● Working data

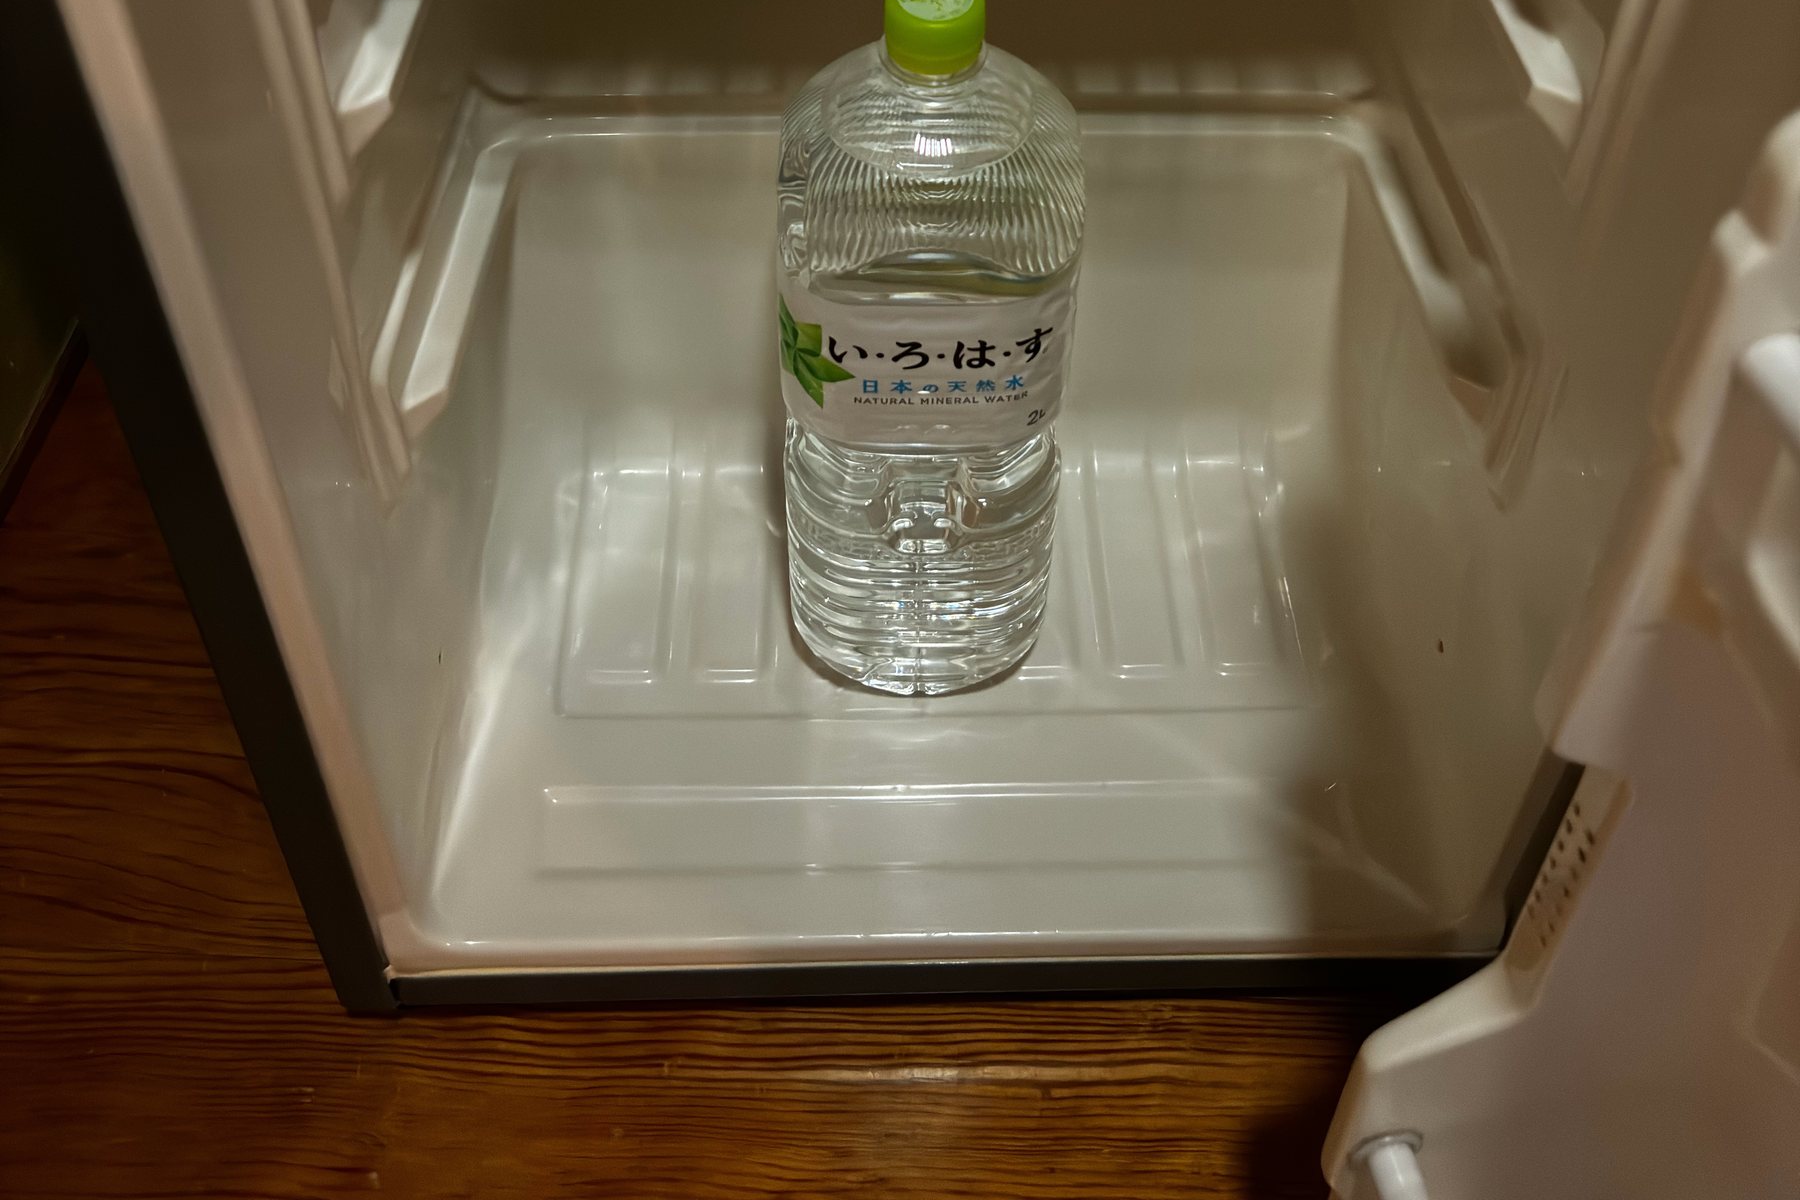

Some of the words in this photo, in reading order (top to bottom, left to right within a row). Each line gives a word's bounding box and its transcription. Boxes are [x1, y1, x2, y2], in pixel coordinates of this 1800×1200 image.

[862, 375, 1025, 393] 日本の天然水
[853, 396, 915, 405] NATURAL
[920, 396, 979, 405] MINERAL
[984, 391, 1028, 403] WATER
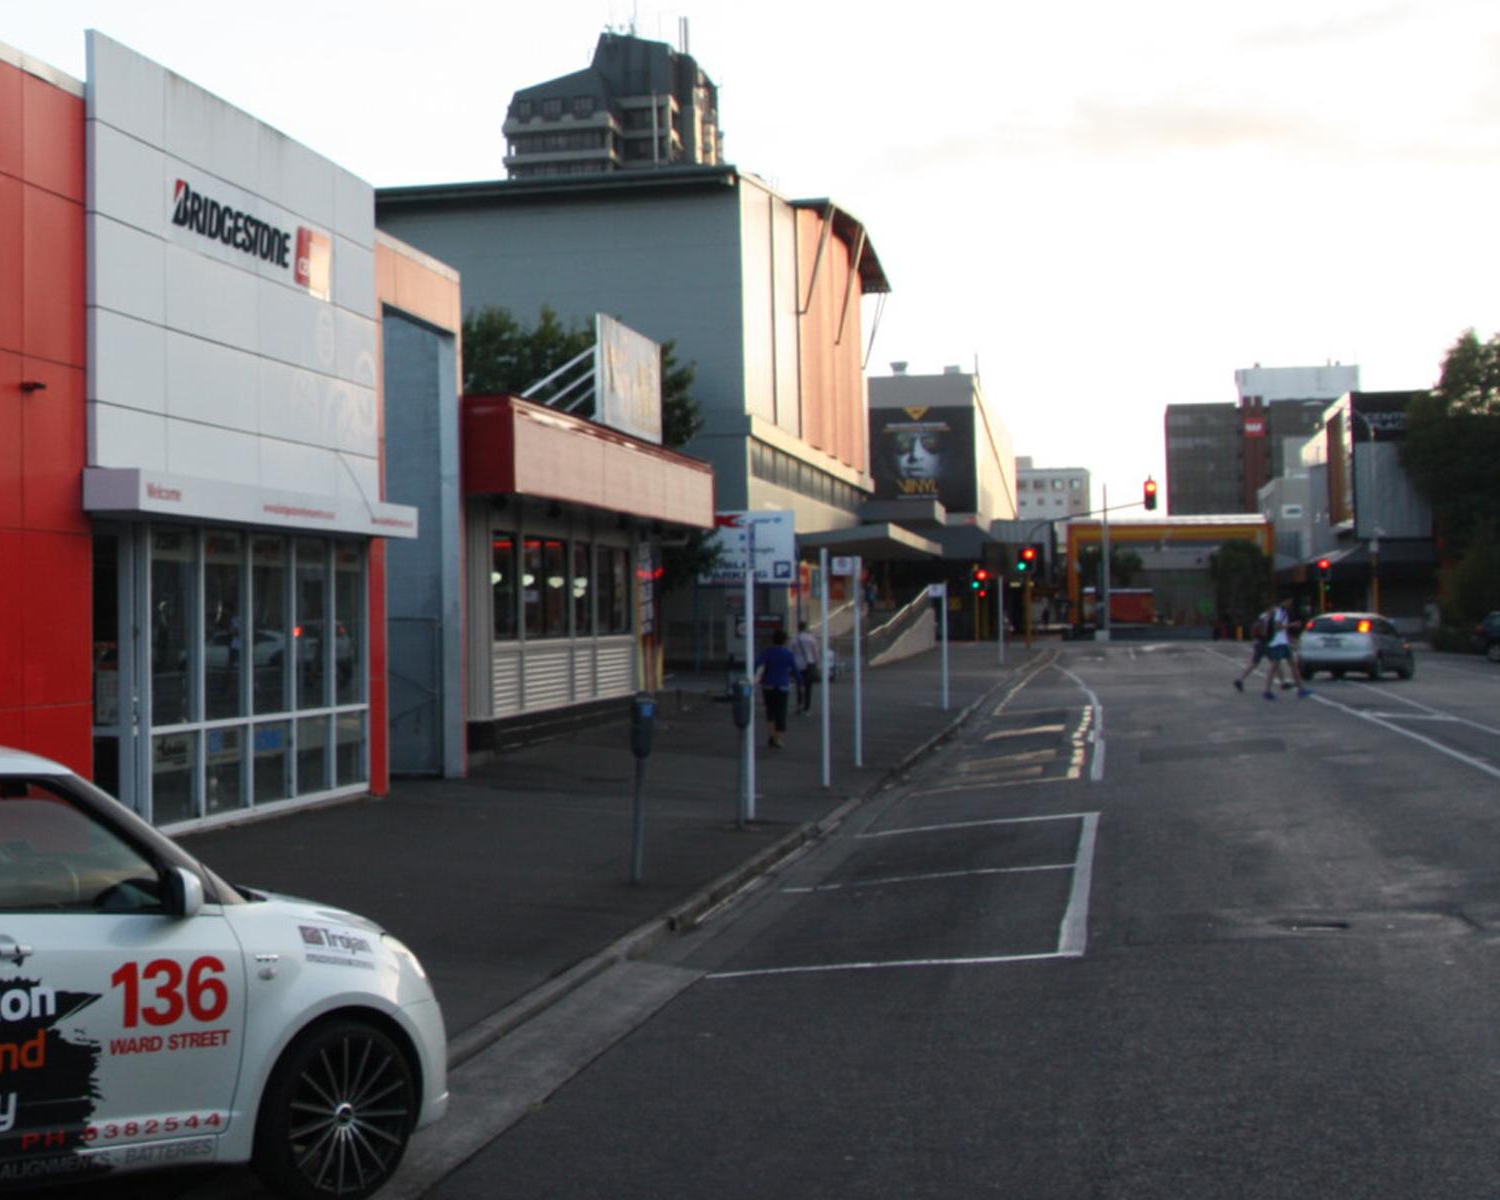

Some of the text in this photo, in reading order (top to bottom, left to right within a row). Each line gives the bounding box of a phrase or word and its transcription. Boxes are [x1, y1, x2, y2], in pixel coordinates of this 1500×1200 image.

[172, 179, 291, 268] BRIDGESTONE
[897, 479, 939, 493] VINYL
[321, 929, 373, 955] Trojan
[111, 956, 230, 1029] 136
[109, 1030, 231, 1056] WARD STREET
[21, 1130, 66, 1152] PH
[0, 1151, 111, 1179] ALIGNMENTS
[125, 1137, 214, 1163] BATTERIES
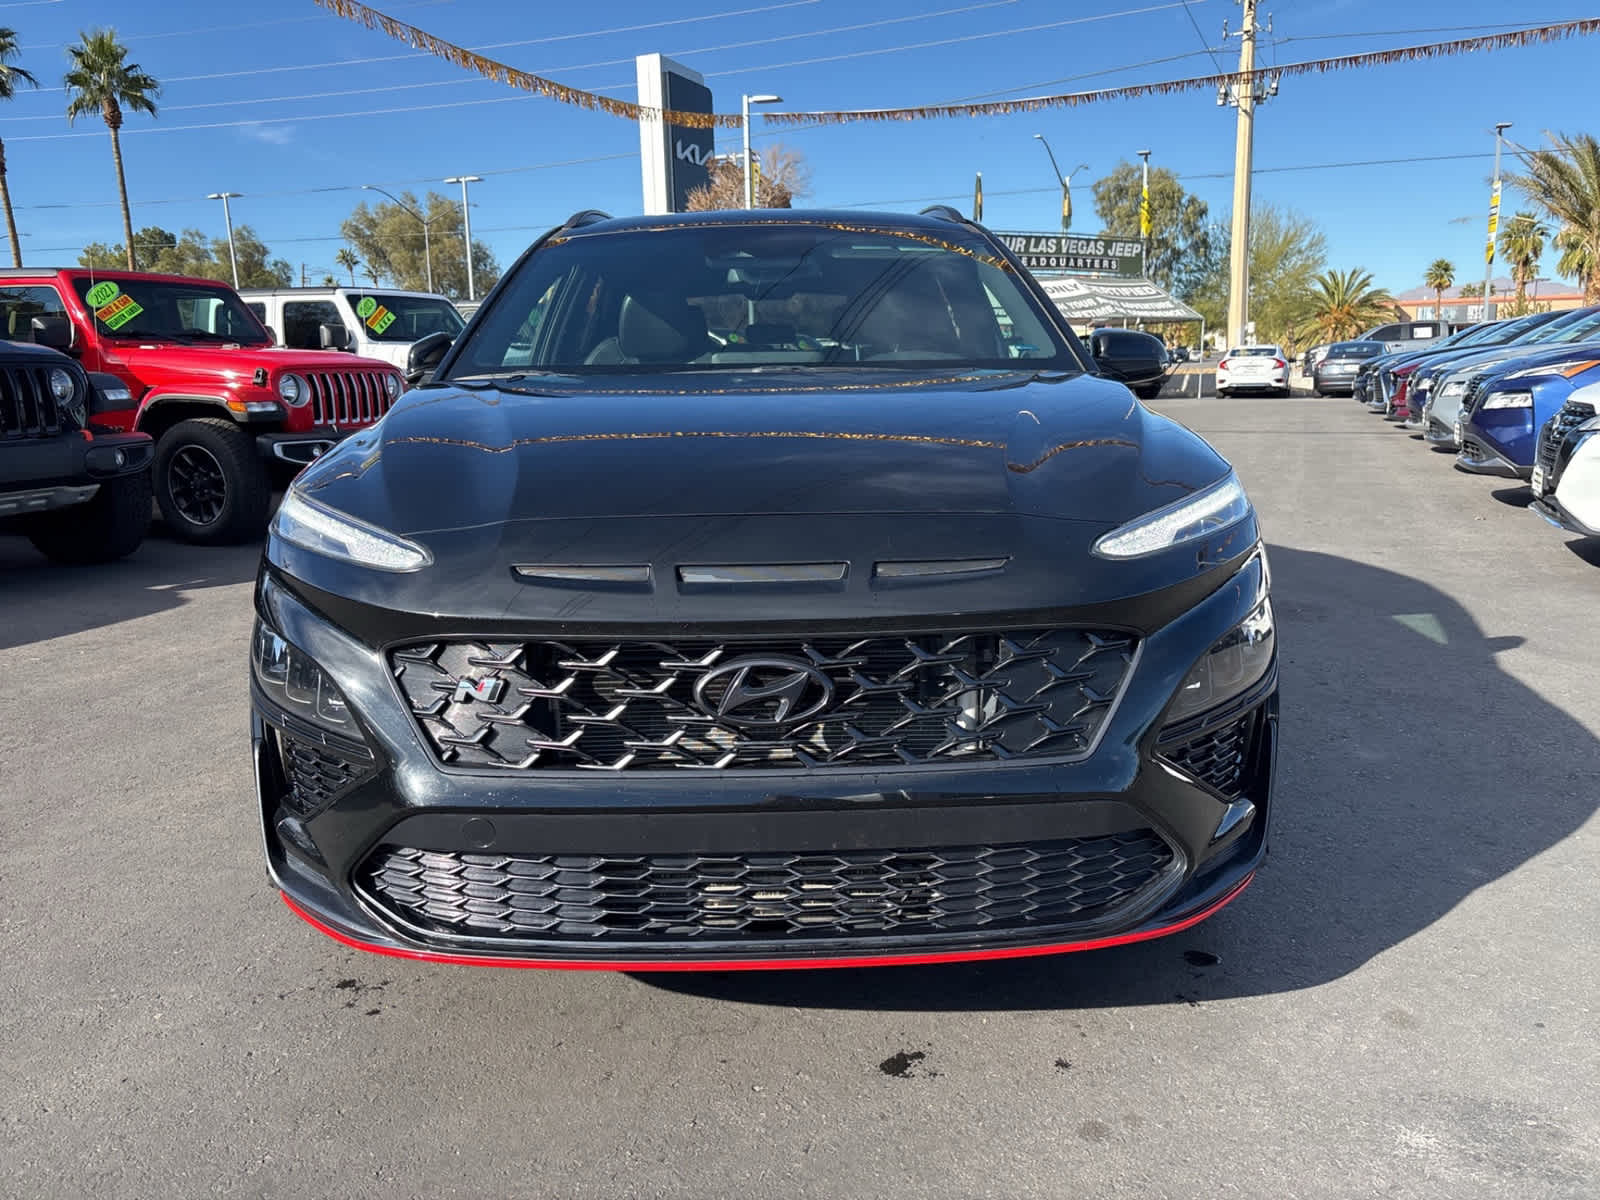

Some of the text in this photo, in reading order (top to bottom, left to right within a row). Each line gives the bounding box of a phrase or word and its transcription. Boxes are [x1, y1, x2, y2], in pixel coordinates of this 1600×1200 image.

[1028, 238, 1057, 253] LAS
[1061, 239, 1105, 255] VEGAS
[1107, 242, 1141, 257] JEEP
[95, 283, 115, 305] 2021
[1045, 283, 1080, 293] ONLY

● Work required
Leave out every line ahead of the one containing "this 1600×1200 image." and print the rest of the listing exactly.

● Answer space
Some of the text in this photo, in reading order (top to bottom, left to right within a row). Each line gives the bounding box of a phrase or word and its transcription. Boxes are [x1, y1, x2, y2], in pixel coordinates of this 1600×1200 image.

[1028, 238, 1057, 253] LAS
[1061, 239, 1105, 255] VEGAS
[1107, 242, 1141, 257] JEEP
[95, 283, 115, 305] 2021
[1045, 283, 1080, 293] ONLY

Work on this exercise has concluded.